El senador distribuyó traducciones al inglés de dos documentos, que, según
dijo, fueron recibidos por los hoteles. En ellos figuran las instrucciones sobre
cómo poner en marcha los programas informáticos de espionaje para finales de
julio.
"Negarse a instalar o detener el funcionamiento del sistema después de su
implantación será susceptible de castigo", señala uno de los informes, que cita
multas de 15.000 yuanes (1.400 euros). "En caso de violación grave, el servicio
de Internet será suspendido o la licencia empresarial, cancelada".
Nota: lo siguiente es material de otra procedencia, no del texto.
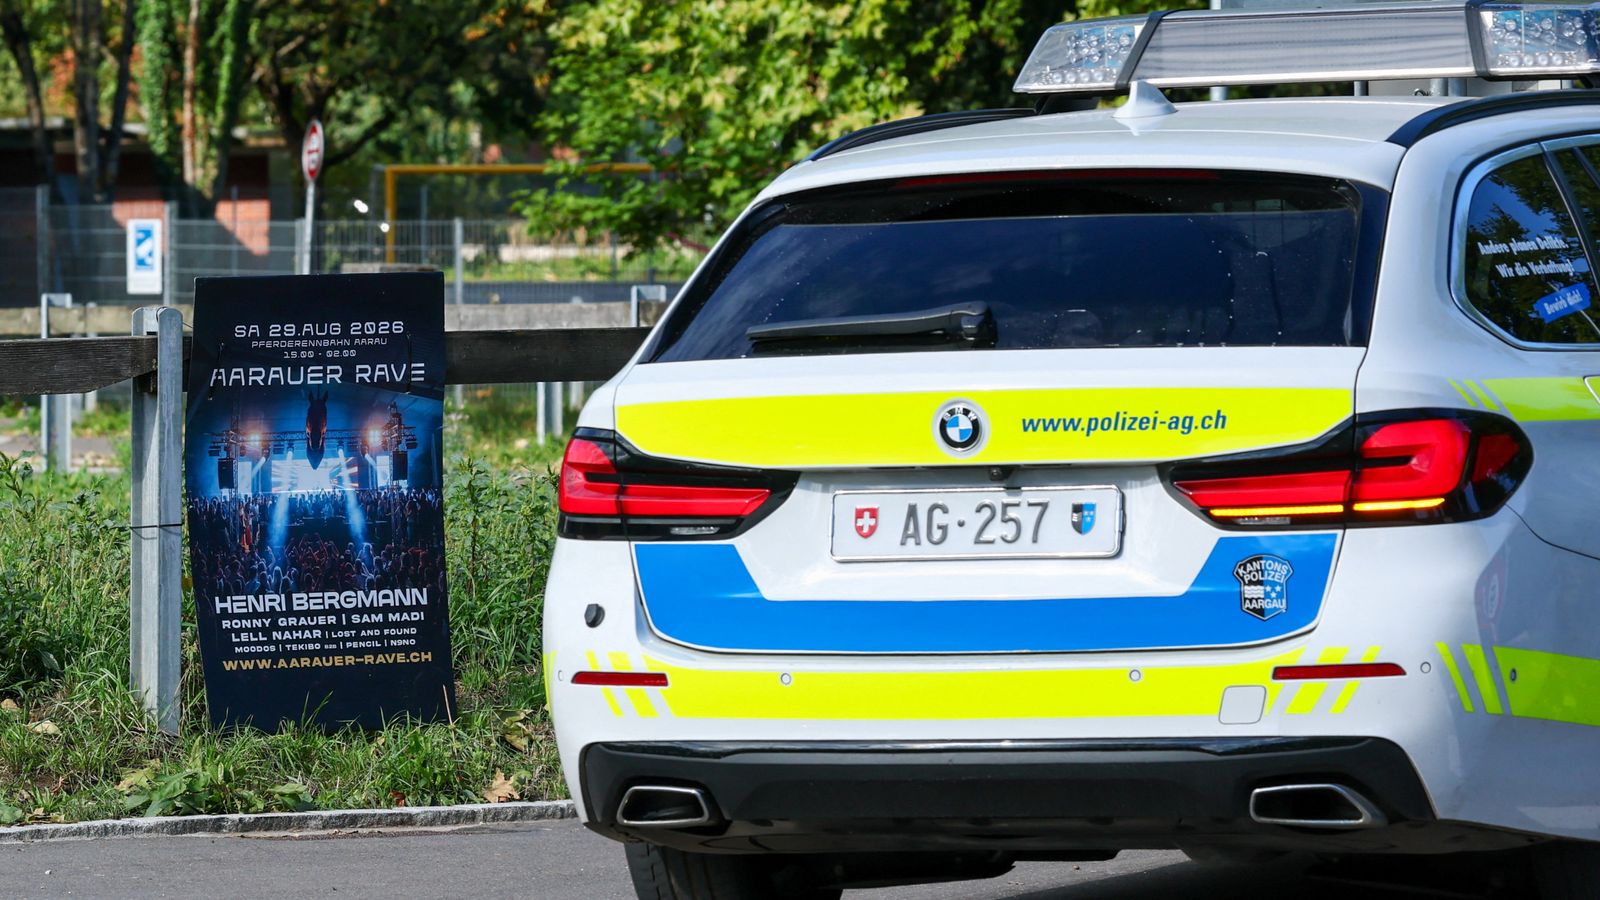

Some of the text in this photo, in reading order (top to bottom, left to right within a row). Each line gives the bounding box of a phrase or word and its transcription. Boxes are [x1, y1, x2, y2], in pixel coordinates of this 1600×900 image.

[1477, 240, 1510, 255] Andere
[1495, 263, 1515, 278] Wir
[1514, 262, 1530, 276] die
[234, 321, 404, 338] SA 29.AUG 2026
[251, 338, 388, 348] PFERDERENNBAHN AARAU
[283, 351, 315, 359] 15.00
[326, 350, 357, 358] 02.00
[209, 363, 425, 387] AARAUER RAVE
[943, 407, 978, 421] BMW
[1021, 410, 1228, 437] www.polizei-ag.ch
[1238, 560, 1288, 577] KANTONS
[1243, 570, 1285, 584] POLIZEI
[215, 588, 428, 614] HENRI BERGMANN
[1244, 599, 1286, 609] AARGAU
[222, 618, 272, 629] RONNY
[278, 616, 337, 626] GRAUER
[351, 613, 383, 623] SAM
[388, 611, 425, 622] MADI
[231, 632, 268, 642] LELL
[272, 629, 322, 641] NAHAR
[360, 629, 381, 637] AND
[384, 627, 417, 635] FOUND
[234, 645, 276, 653] MOODOS
[285, 643, 321, 651] TEKIBO
[346, 640, 382, 648] PENCIL
[223, 651, 433, 671] WWW.AARAUER-RAVE.CH
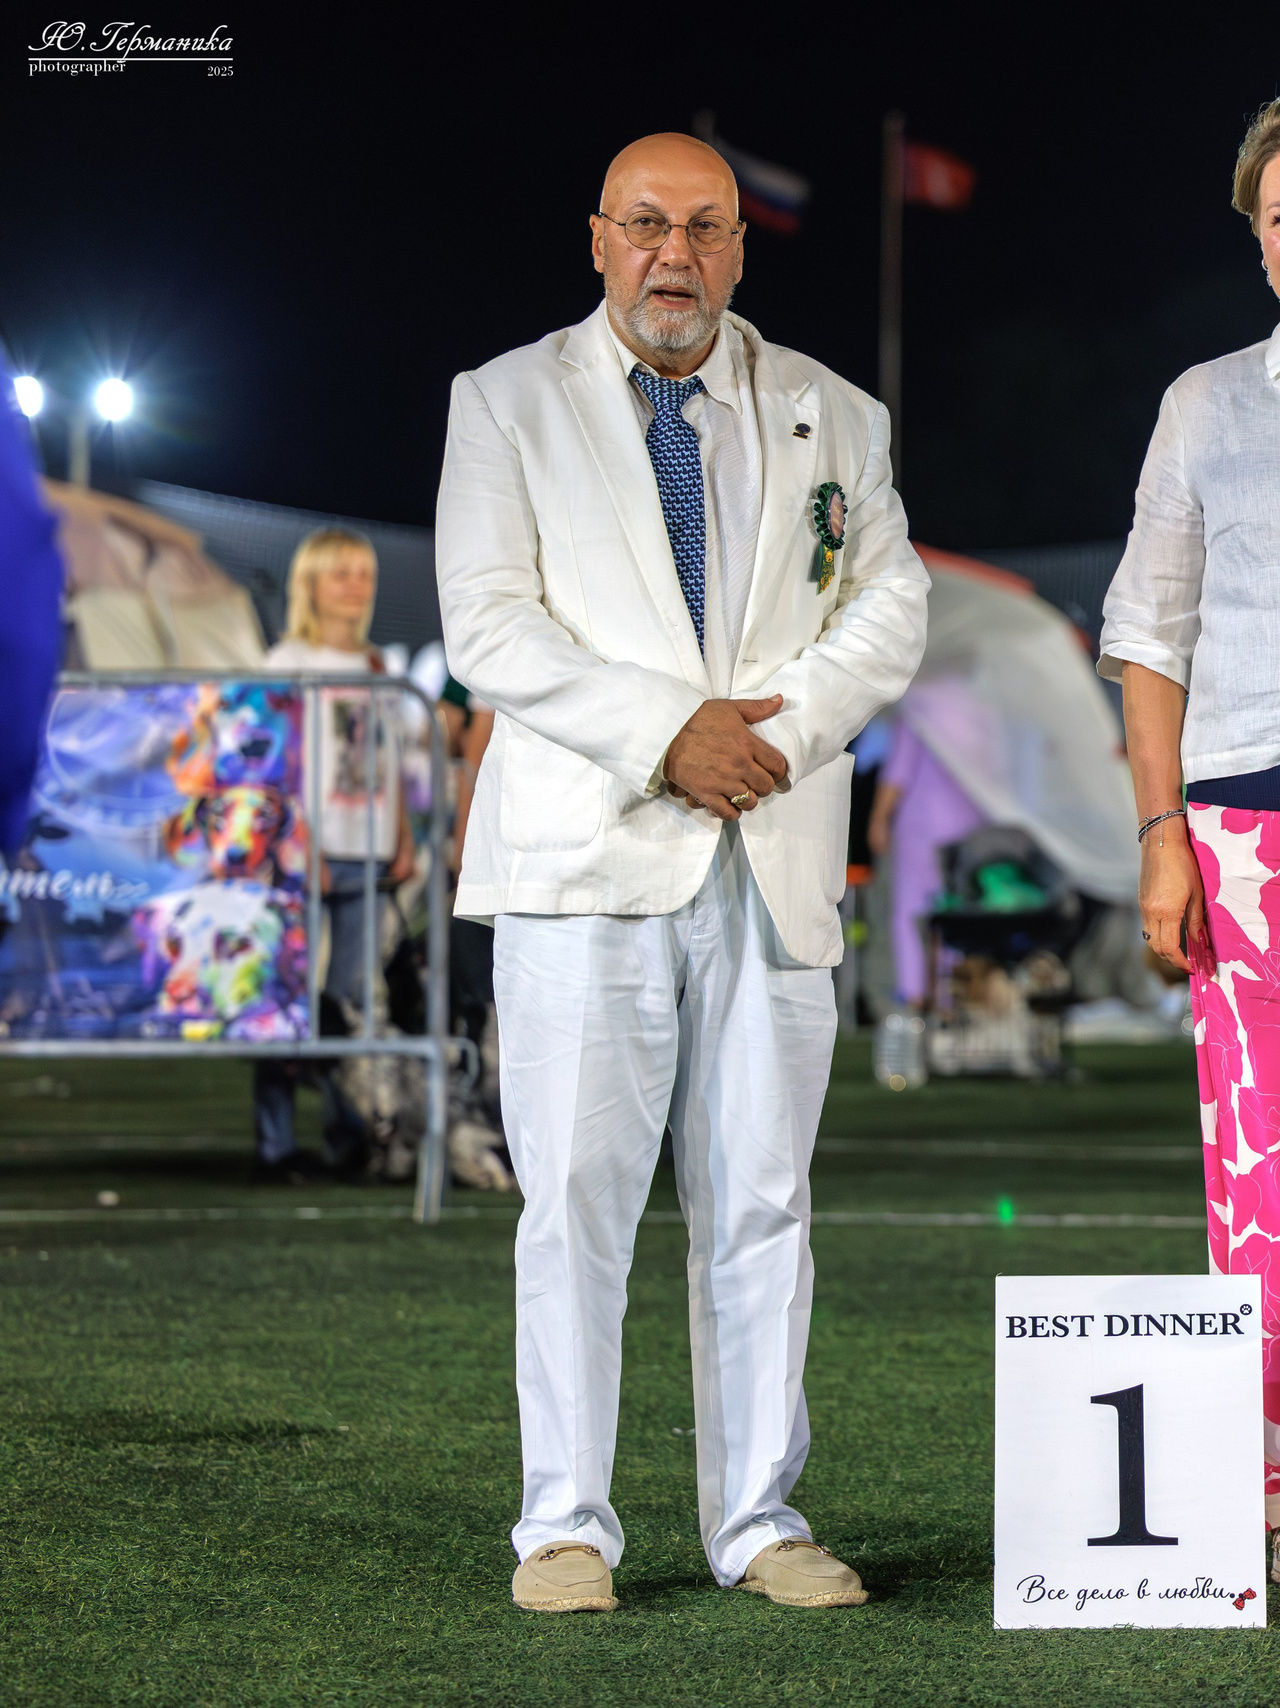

"Los hoteles están enojados con toda la razón por la orden, ya que les coloca
en la incómoda posición de tener que comunicar a sus clientes que sus consultas,
comunicaciones, búsquedas y teclas accionadas están siendo espiados por el
Gobierno chino", insistió; "esto no es correcto, es contrario al espíritu
olímpico".
Pekín ha declinado comentar la medida, pero el documento entregado a los
establecimientos señala que el objetivo que se pretende es "asegurar una
apertura sin problemas" de los Juegos, así como "promover el desarrollo
saludable y ordenado de Internet, salvaguardar la seguridad del Estado, mantener
el orden social y proteger los intereses públicos".
Brownback también distribuyó la advertencia que una de las cadenas hace a sus
clientes tras informarles de que la conexión a Internet "no es privada". "Las
autoridades locales encargadas de aplicar la ley exigen tener acceso a toda su
actividad cuando utilice este servicio, como enviar mensajes y acceder a webs.
Un sistema ha sido instalado para que dispongan de ese acceso".
El Departamento de Estado estadounidense advirtió en marzo pasado a sus
ciudadanos que viajen a China durante los Juegos que deben esperarse a que sus
habitaciones sean monitorizadas en cualquier momento y que no pueden tener
privacidad en lugares públicos ni privados. Pekín respondió en aquel momento que
las medidas de seguridad estaban de acuerdo con la práctica internacional.
El senador republicano se encuentra entre los parlamentarios que han pedido a
George W. Bush que no acuda a los Juegos, aunque el presidente estadounidense
dijo hace unas semanas que asistirá porque, según aseguró, se trata de un evento
deportivo, no político.
China dispone de un sofisticado sistema de supervisión de Internet, conocido
como The Great Firewall, para el cual emplea a miles de ciberpolicías y
programas y equipos informáticos punteros, suministrados en muchas ocasiones por
empresas estadounidenses y canadienses.
En los últimos meses han sido instaladas muchas cámaras en las calles y los
parques de Pekín, que han venido a sumarse a la labor de vigilancia e
información que vienen ejerciendo decenas de miles de jubilados y voluntarios.